Start of Stored data
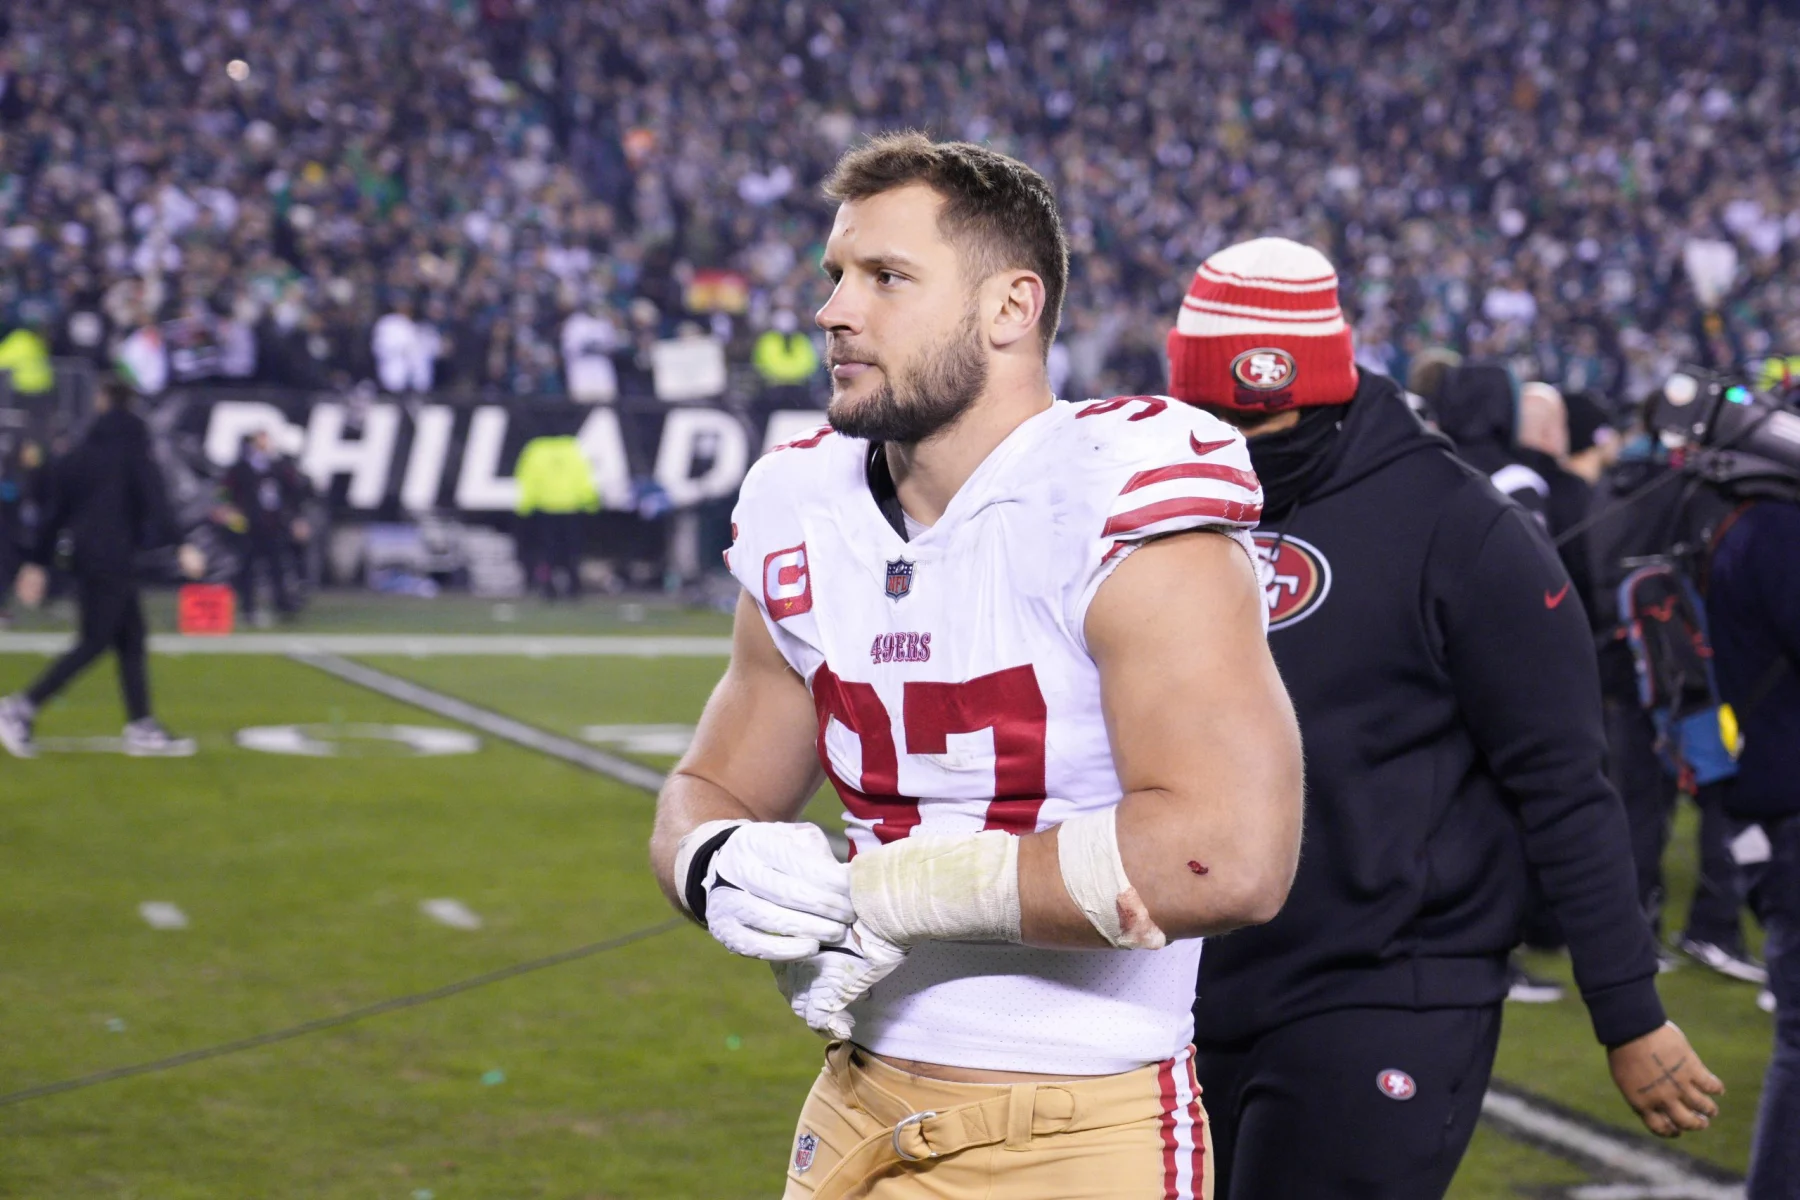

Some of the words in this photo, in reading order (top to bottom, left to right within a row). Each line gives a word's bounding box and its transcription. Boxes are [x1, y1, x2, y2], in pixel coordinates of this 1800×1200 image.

[766, 549, 807, 600] C
[888, 575, 908, 593] NFL
[870, 631, 931, 664] 49ERS
[811, 662, 1047, 862] 97
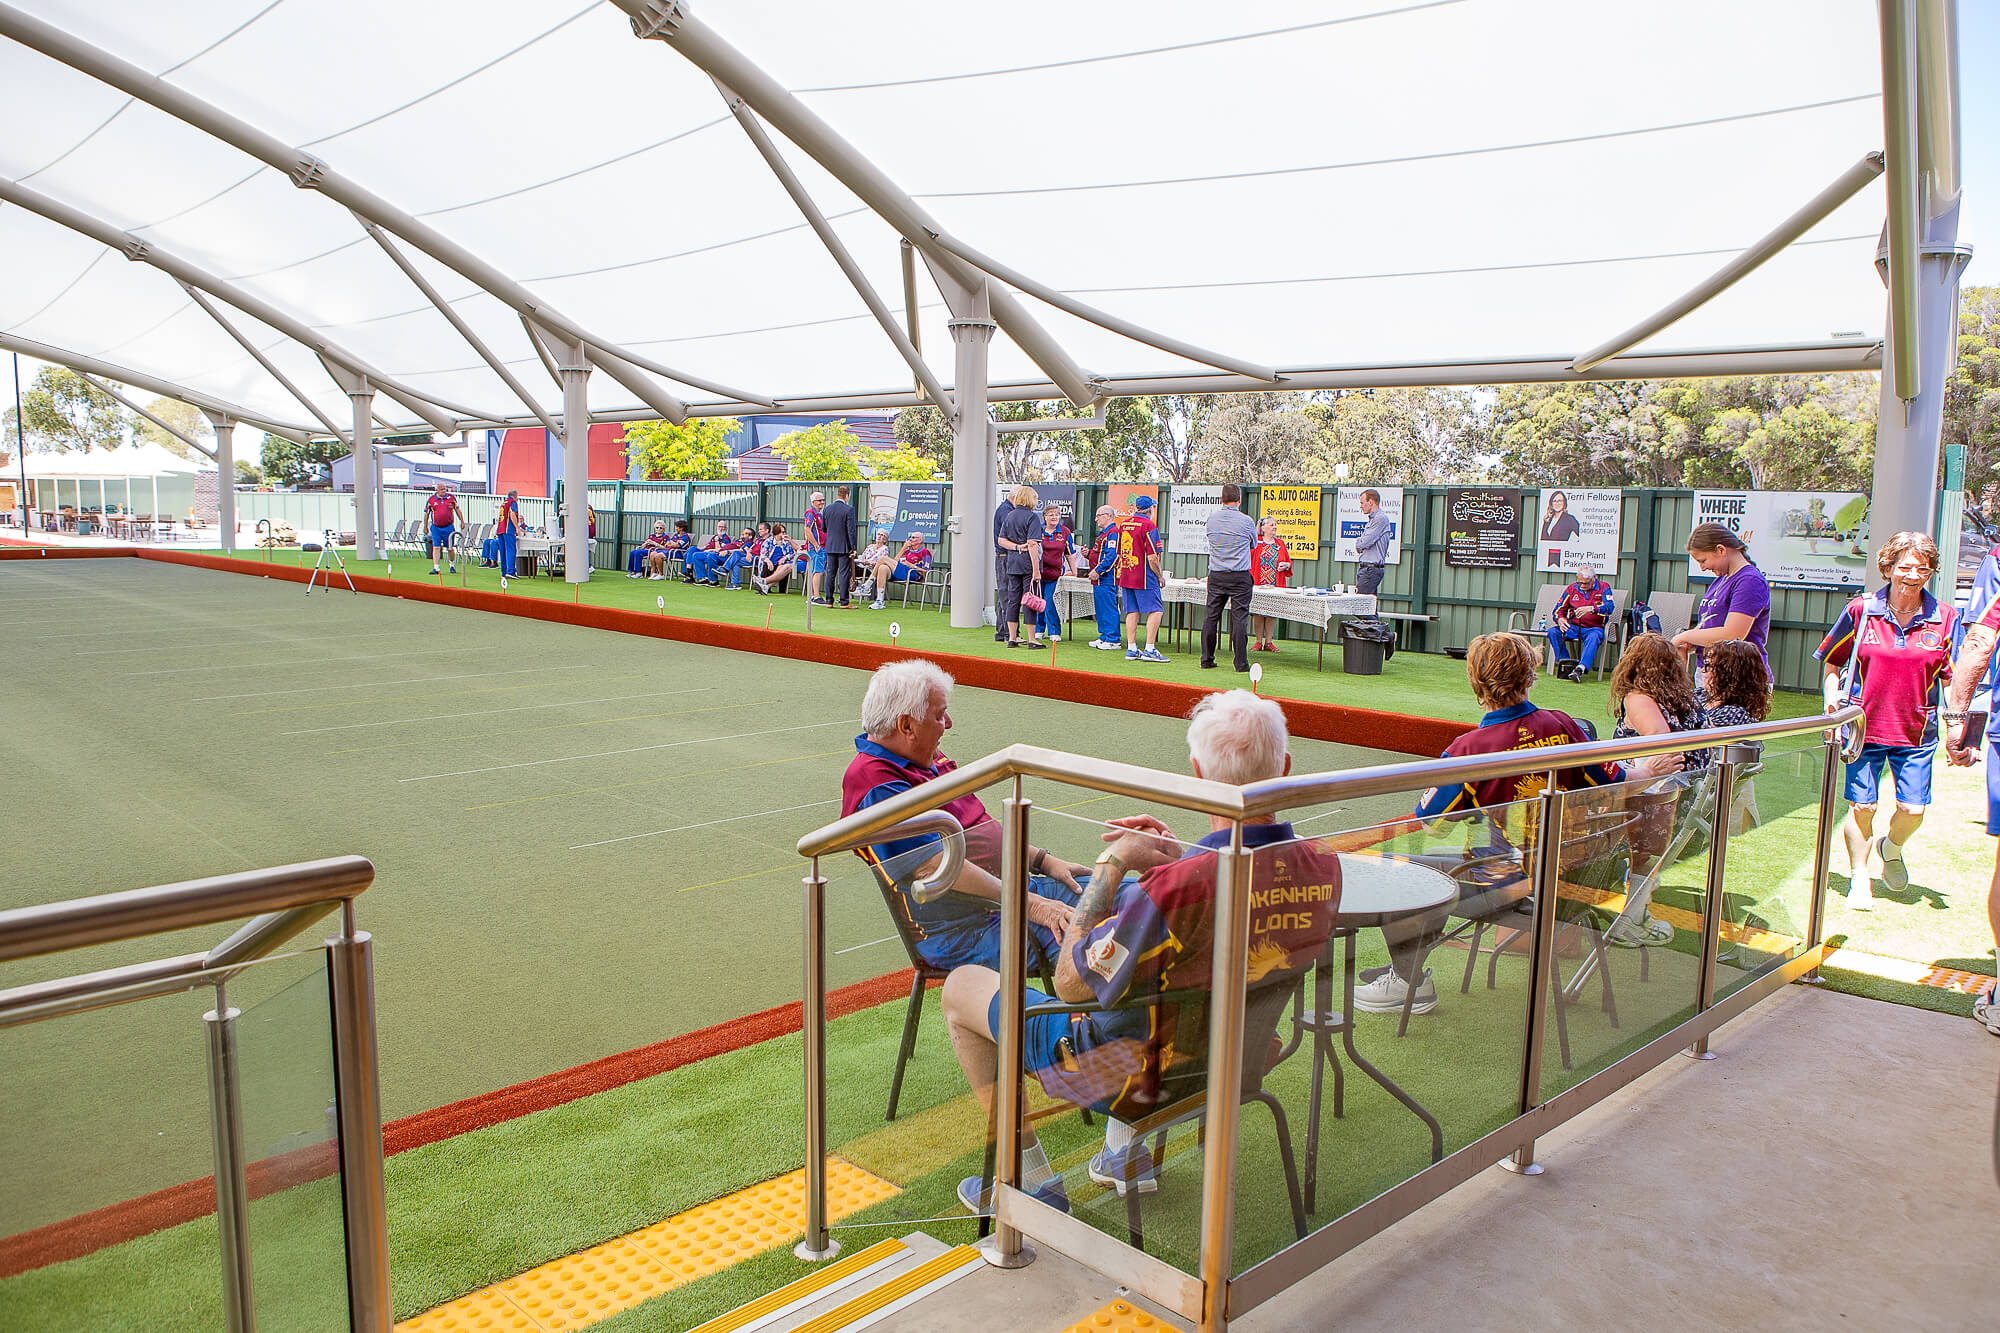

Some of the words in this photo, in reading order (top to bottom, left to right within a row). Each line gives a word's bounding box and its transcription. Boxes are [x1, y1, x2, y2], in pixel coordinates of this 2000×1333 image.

[1263, 489, 1277, 501] R.S.
[1278, 489, 1298, 501] AUTO
[1299, 489, 1319, 502] CARE
[1460, 491, 1504, 501] Smithies
[1566, 492, 1585, 501] Terri
[1587, 492, 1620, 501] Fellows
[1058, 505, 1073, 515] ZDA
[1700, 499, 1746, 515] WHERE
[907, 511, 939, 521] greenline
[1266, 508, 1290, 517] Servicing
[1295, 508, 1313, 517] Brakes
[1194, 519, 1207, 527] Goy
[1297, 519, 1316, 528] Repairs
[1727, 517, 1741, 532] IS
[1296, 542, 1316, 552] 2743
[1564, 550, 1585, 559] Barry
[1586, 551, 1606, 560] Plant
[892, 624, 897, 635] 2
[1507, 733, 1569, 751] ENHAM
[1250, 884, 1333, 909] AKENHAM
[1254, 912, 1313, 935] LIONS
End of Stored data
### Exercise instructions
Before writing out the material above, please remove its pictures; everything else stays exact.

### Answer for this exercise
Some of the words in this photo, in reading order (top to bottom, left to right within a row). Each line gives a word's bounding box and its transcription. Boxes are [x1, y1, x2, y2], in pixel coordinates of this 1800×1200 image.

[766, 549, 807, 600] C
[888, 575, 908, 593] NFL
[870, 631, 931, 664] 49ERS
[811, 662, 1047, 862] 97

Some of the words in this photo, in reading order (top to bottom, left to right within a row). Each line gives a word's bounding box and its transcription. Boxes are [x1, y1, x2, y2], in pixel coordinates of this 2000×1333 image.

[1263, 489, 1277, 501] R.S.
[1278, 489, 1298, 501] AUTO
[1299, 489, 1319, 502] CARE
[1460, 491, 1504, 501] Smithies
[1566, 492, 1585, 501] Terri
[1587, 492, 1620, 501] Fellows
[1058, 505, 1073, 515] ZDA
[1700, 499, 1746, 515] WHERE
[907, 511, 939, 521] greenline
[1266, 508, 1290, 517] Servicing
[1295, 508, 1313, 517] Brakes
[1194, 519, 1207, 527] Goy
[1297, 519, 1316, 528] Repairs
[1727, 517, 1741, 532] IS
[1296, 542, 1316, 552] 2743
[1564, 550, 1585, 559] Barry
[1586, 551, 1606, 560] Plant
[892, 624, 897, 635] 2
[1507, 733, 1569, 751] ENHAM
[1250, 884, 1333, 909] AKENHAM
[1254, 912, 1313, 935] LIONS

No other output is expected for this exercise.